Dans le vestiaire du CH, à quelques heures du départ pour Tampa, Suzuki a refusé de parler directement de sa capacité à produire offensivement même sans la présence de Slafkovsky à l’aile droite de son unité.
« Je ne sais pas, je pense que nous trois pouvons produire, peu importe où nous jouons au sein de la formation, a noté Suzuki. Si nous devions jouer tous les trois au sein de trois trios différents, nous serions corrects. Nous avons plusieurs bons joueurs. »
Relancé à savoir s’il aimerait mieux rester au centre de Caufield et de Slafkovsky, l’Ontarien a opté pour une réponse un brin plus directe.
« Oui, mais je ne le sais pas. J’écouterai ce que Marty choisira. J’aime jouer avec ces deux gars (Caufield et Slafkovsky). Nous avons connu beaucoup de succès. Nous pouvons avoir tout ce que nous recherchons pour un bon trio. C’est à nous d’élever notre jeu. »
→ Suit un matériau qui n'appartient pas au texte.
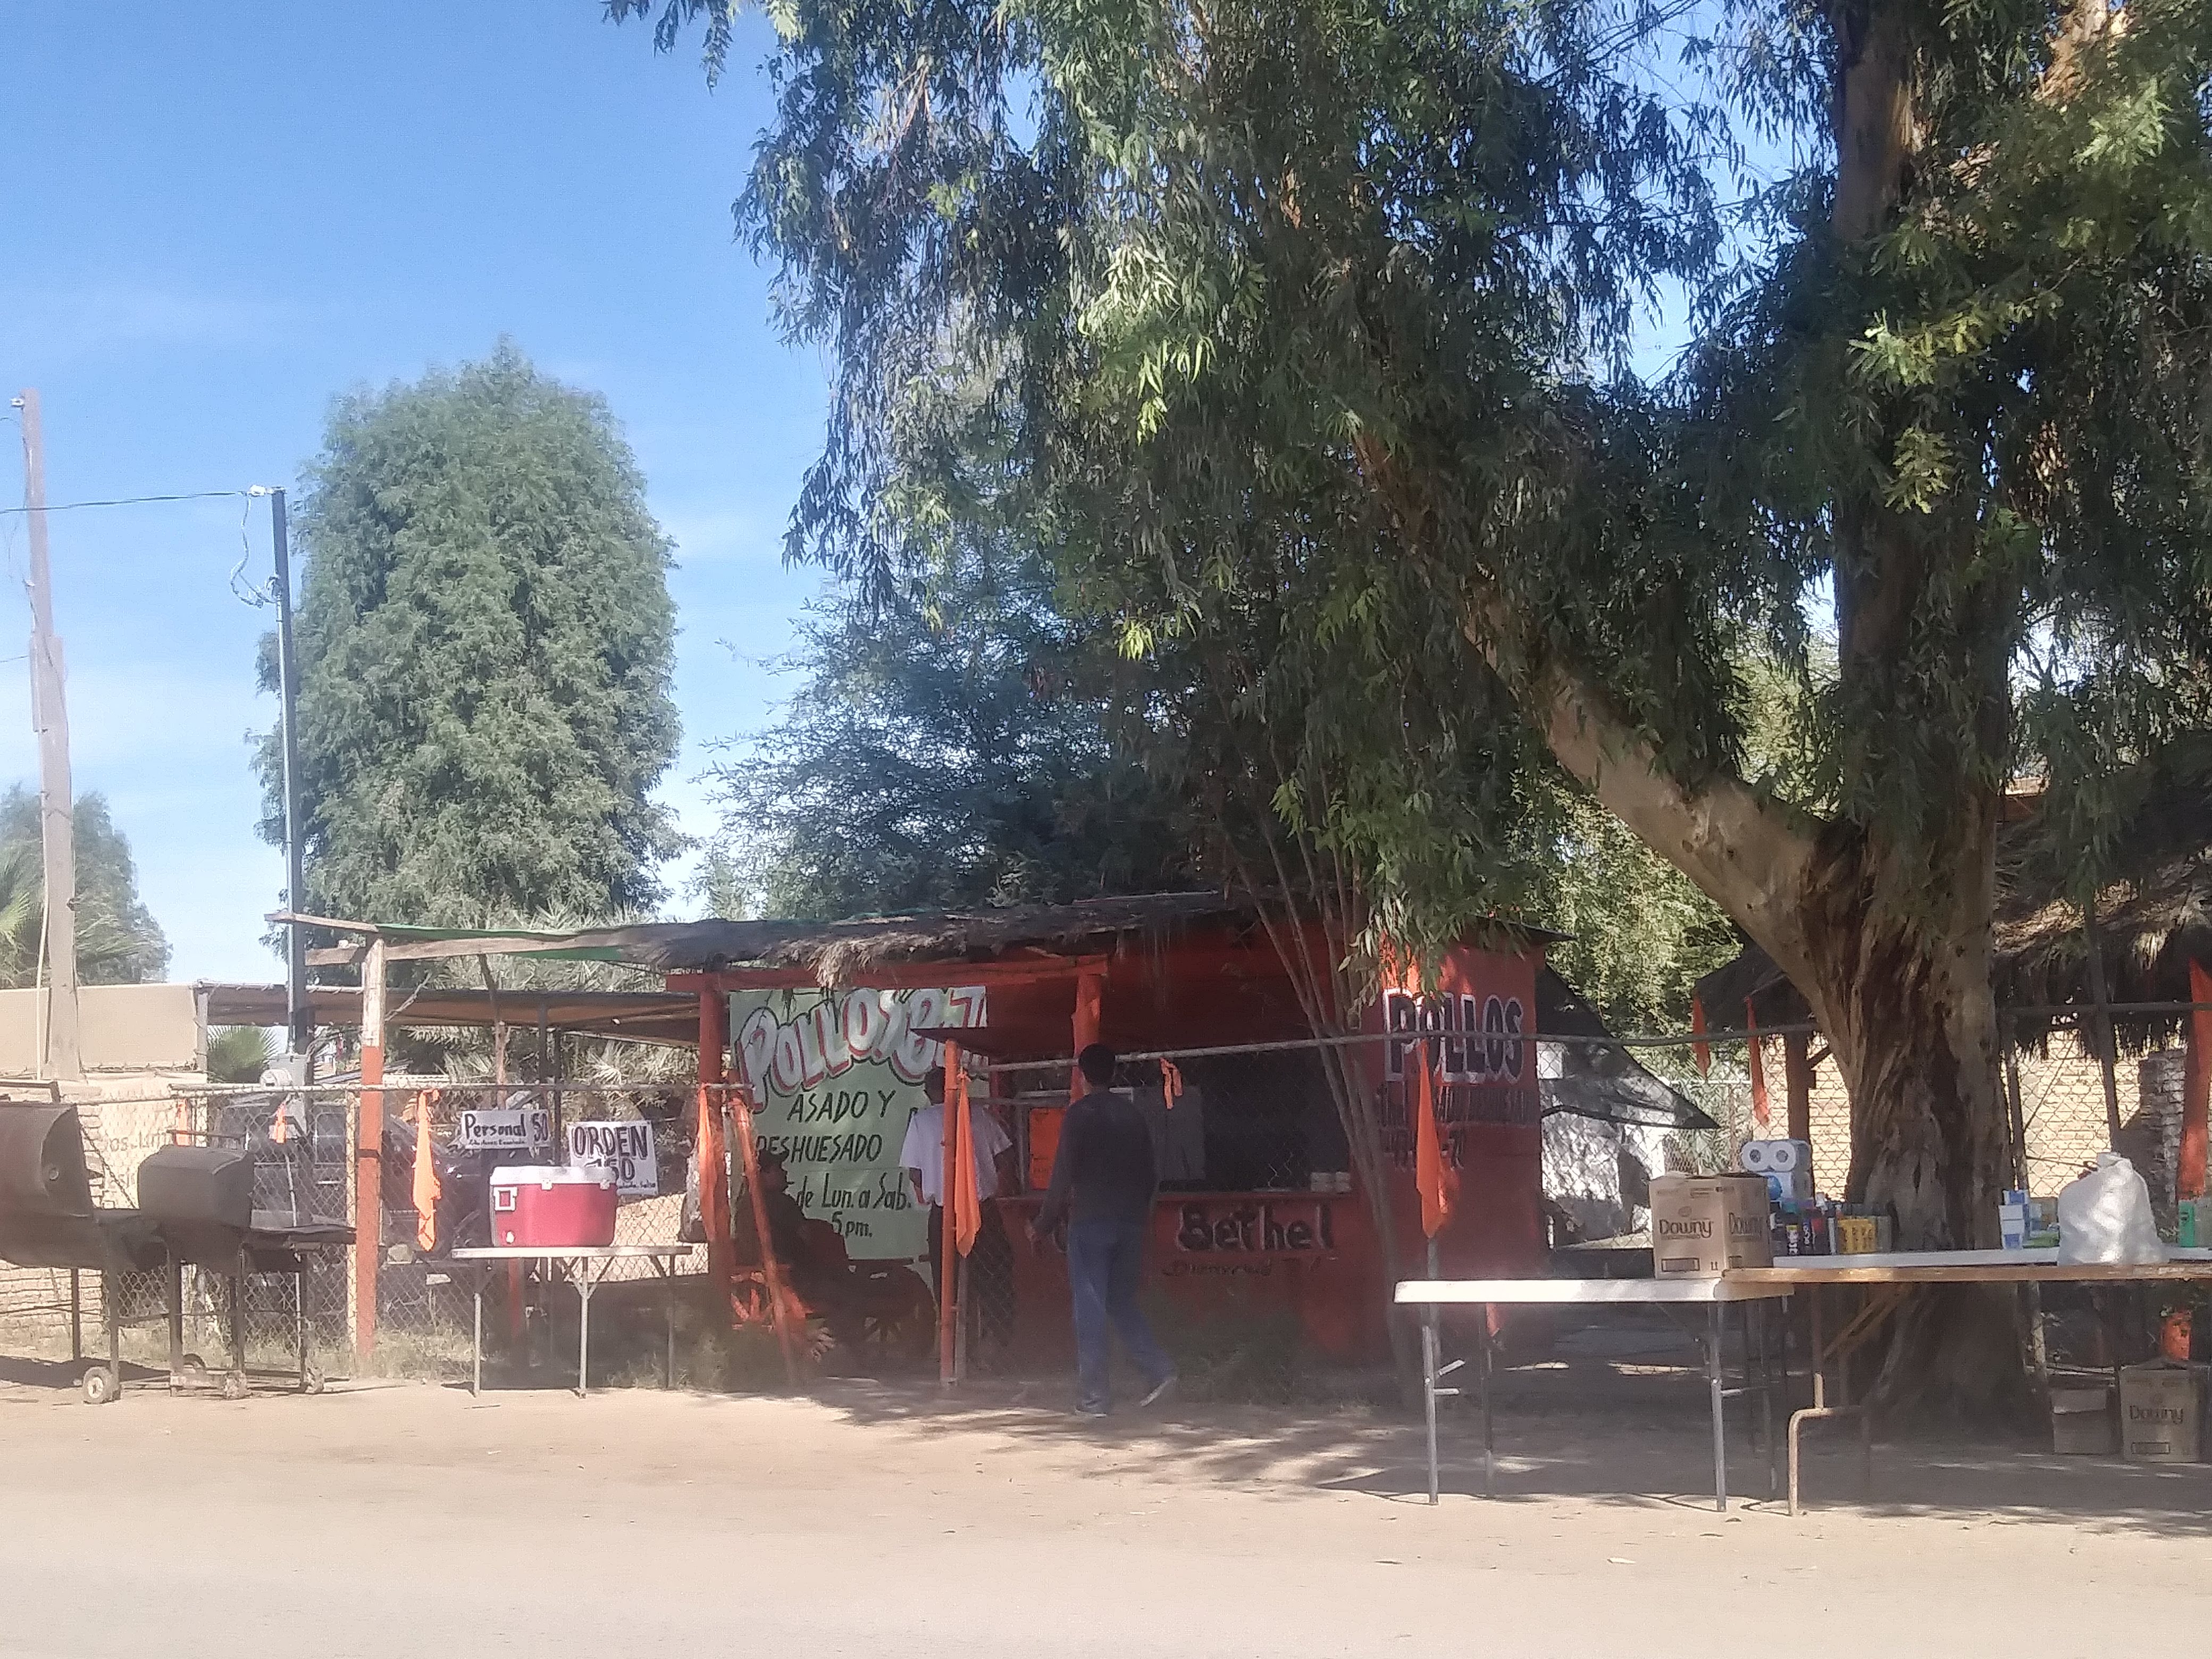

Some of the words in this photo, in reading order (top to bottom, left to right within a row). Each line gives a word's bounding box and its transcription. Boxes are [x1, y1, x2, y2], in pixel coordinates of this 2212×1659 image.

[786, 1091, 868, 1124] ASADO
[878, 1089, 896, 1119] Y
[464, 1113, 526, 1139] Personal
[572, 1126, 648, 1160] ORDEN
[797, 1175, 814, 1208] de
[858, 1191, 870, 1208] a
[873, 1171, 912, 1211] Sab.
[1175, 1201, 1335, 1252] Bethel
[1659, 1218, 1713, 1239] Downy
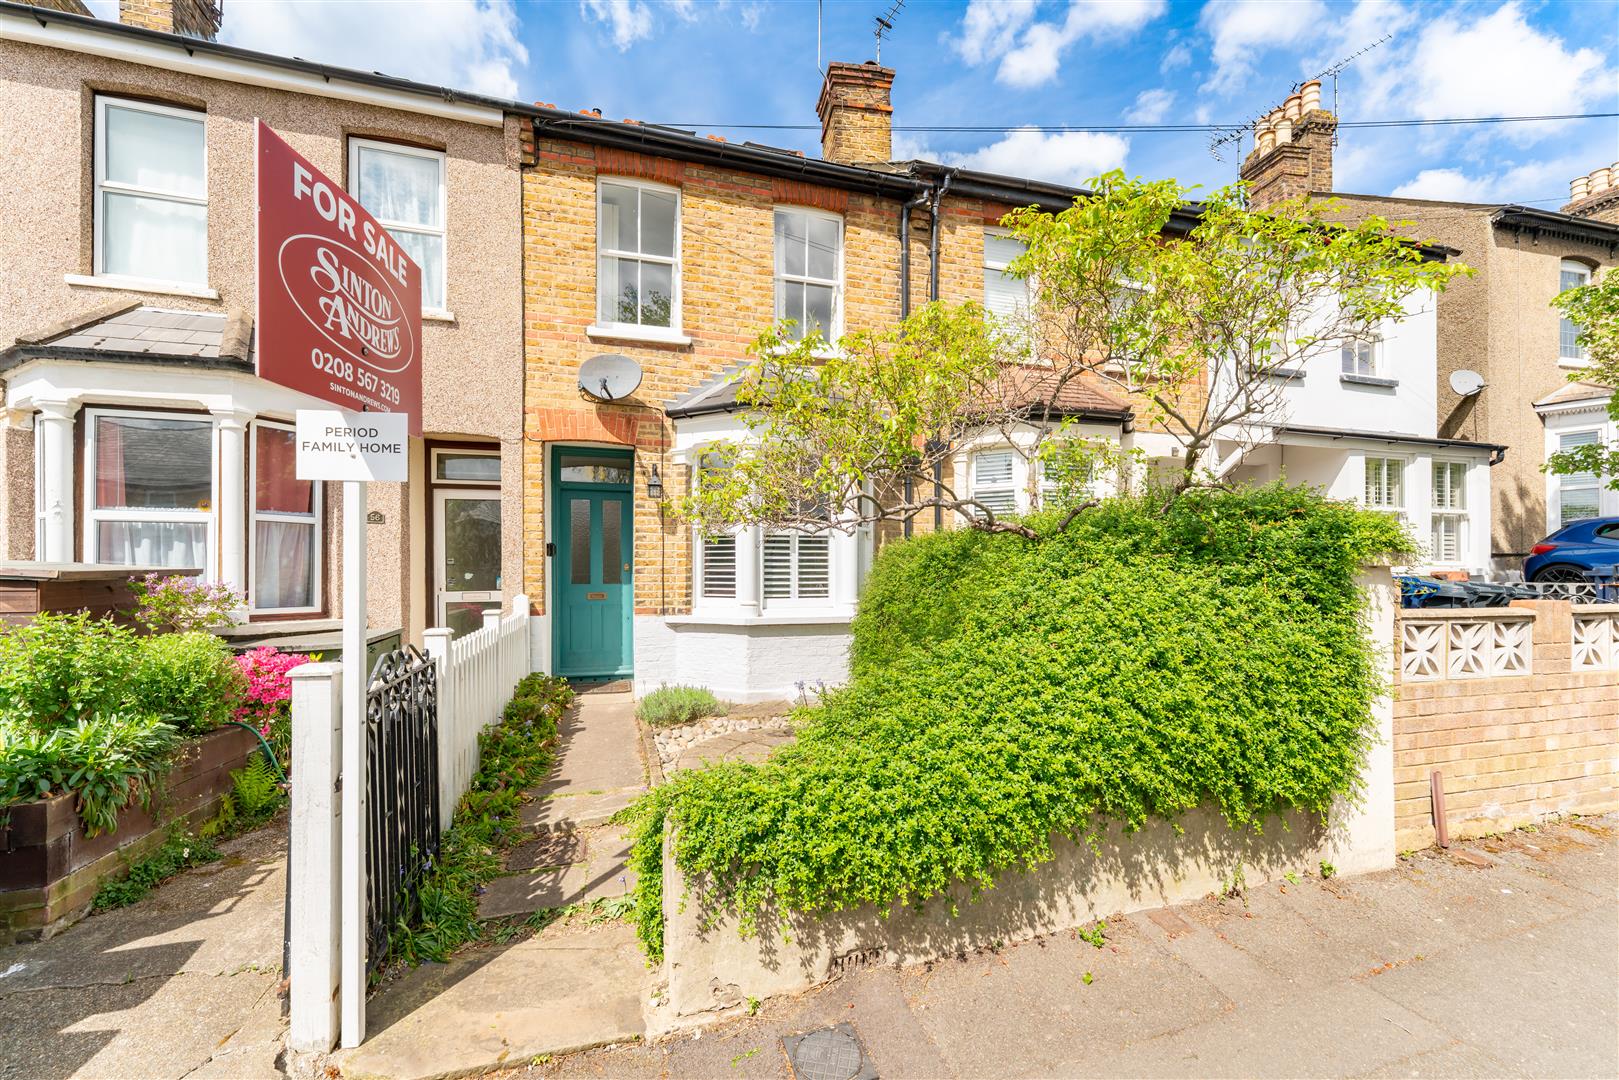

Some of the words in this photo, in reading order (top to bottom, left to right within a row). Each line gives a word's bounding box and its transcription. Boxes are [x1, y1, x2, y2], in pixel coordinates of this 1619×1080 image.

[294, 161, 356, 241] FOR
[363, 220, 407, 288] SALE
[310, 247, 393, 320] SINTON
[319, 294, 400, 353] ANDREWS
[311, 348, 353, 382] 0208
[356, 367, 379, 393] 567
[380, 380, 400, 405] 3219
[329, 382, 391, 413] SINTONANDREWS.COM
[302, 441, 355, 452] FAMILY
[359, 443, 401, 454] HOME
[325, 427, 378, 438] PERIOD
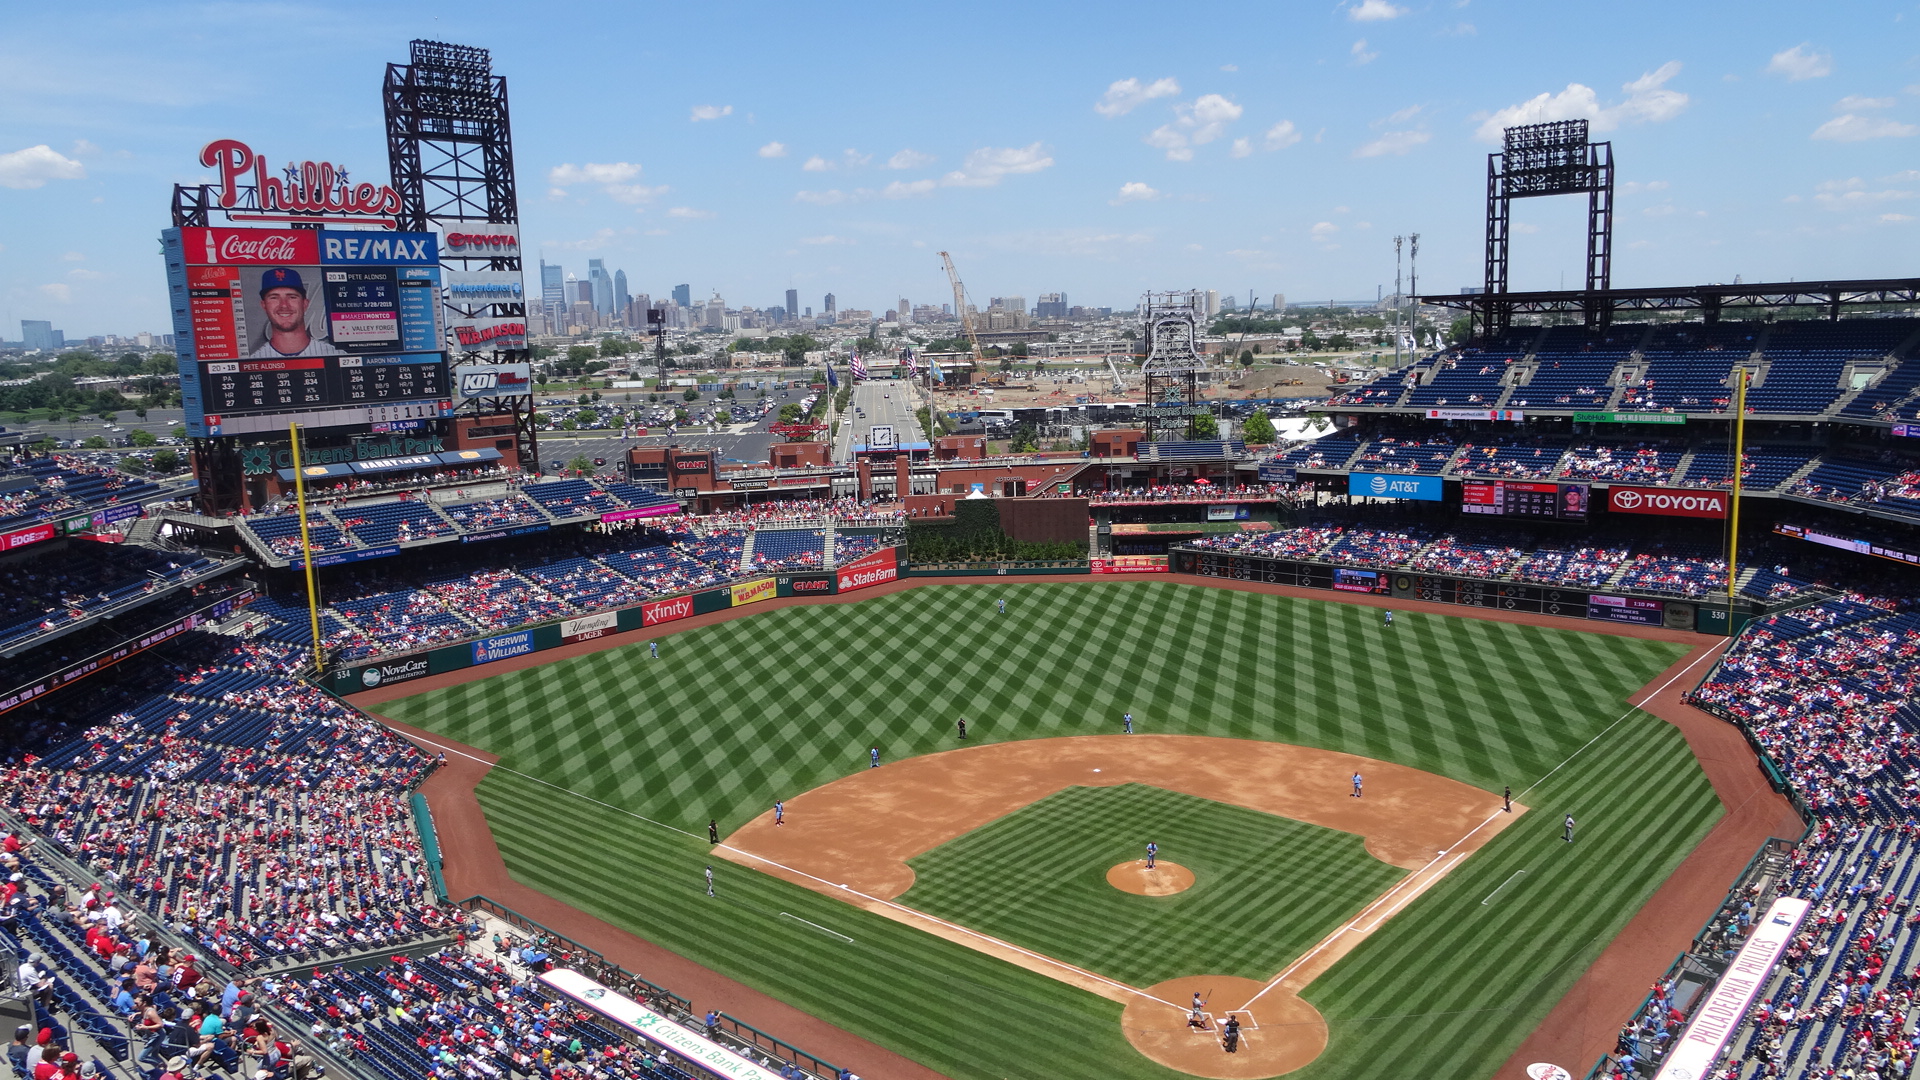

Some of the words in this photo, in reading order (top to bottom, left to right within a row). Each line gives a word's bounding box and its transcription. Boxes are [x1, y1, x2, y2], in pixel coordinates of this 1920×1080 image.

[199, 139, 403, 215] Phillies
[221, 234, 298, 260] Coca-Cola
[465, 234, 517, 246] TOYOTA
[325, 238, 428, 260] RE/MAX
[450, 283, 511, 293] Independence
[260, 362, 286, 370] ALONSO
[250, 381, 264, 389] .281
[464, 374, 498, 390] KDI
[305, 394, 320, 402] 25.5
[405, 407, 412, 419] 1
[417, 406, 424, 418] 1
[429, 405, 437, 417] 1
[1134, 405, 1180, 417] Citizens
[1181, 404, 1211, 416] Bank
[398, 421, 418, 429] 4,380
[1159, 416, 1186, 429] Park
[1661, 415, 1683, 423] TICKETS
[356, 438, 404, 459] Bank
[404, 435, 445, 454] Park
[359, 459, 398, 470] HARRY
[414, 456, 432, 464] K'S
[676, 461, 707, 470] GIANT
[1389, 480, 1420, 494] AT&T
[1644, 494, 1723, 512] TOYOTA
[74, 517, 89, 529] NFP
[10, 532, 36, 547] EDGE
[468, 533, 491, 542] Jefferson
[793, 580, 829, 591] GIANT
[1591, 595, 1624, 606] Phillies.com
[646, 600, 691, 623] xfinity
[1711, 611, 1726, 620] 330
[569, 615, 611, 634] Yuengling
[488, 634, 528, 650] SHERWIN
[578, 629, 603, 641] LAGER
[336, 670, 351, 680] 334
[382, 660, 428, 677] NovaCare
[382, 669, 427, 684] REHABILITATION
[1735, 937, 1779, 976] PHILLIES
[1689, 977, 1755, 1046] PHILADELPHIA
[655, 1024, 705, 1055] Citizens
[705, 1050, 741, 1073] Bank
Suzuki (1 but, 3 passes), Caufield (1 but, 3 passes) et Slafkovsky (3 buts) ont amassé chacun de leurs points dans cette série en supériorité numérique. Et sept des onze points récoltés sont survenus dès le premier match où Slafkovsky avait réussi un tour du chapeau dans un gain de 4-3 en prolongation.
Toujours aussi calme et posé sous la présence d’une dizaine de micros, Suzuki sait que la survie de son équipe au premier tour repose en partie sur ses épaules. Le capitaine n’aura pas le choix de se sortir des griffes d’Anthony Cirelli.
« Ils sont très bons pour défendre, mais ils ont aussi profité de leurs chances pour marquer contre notre trio, a-t-il rappelé. Après quatre matchs, nous savons ce qu’ils veulent faire et comment ils tentent de jouer contre nous. C’est un défi intéressant. Mais nous devrons avoir le meilleur contre eux afin d’offrir de meilleures chances à notre équipe de gagner. »
Slafkovsky n’a pas participé à l’entraînement des siens mardi matin, profitant d’un congé pour soigner des bobos.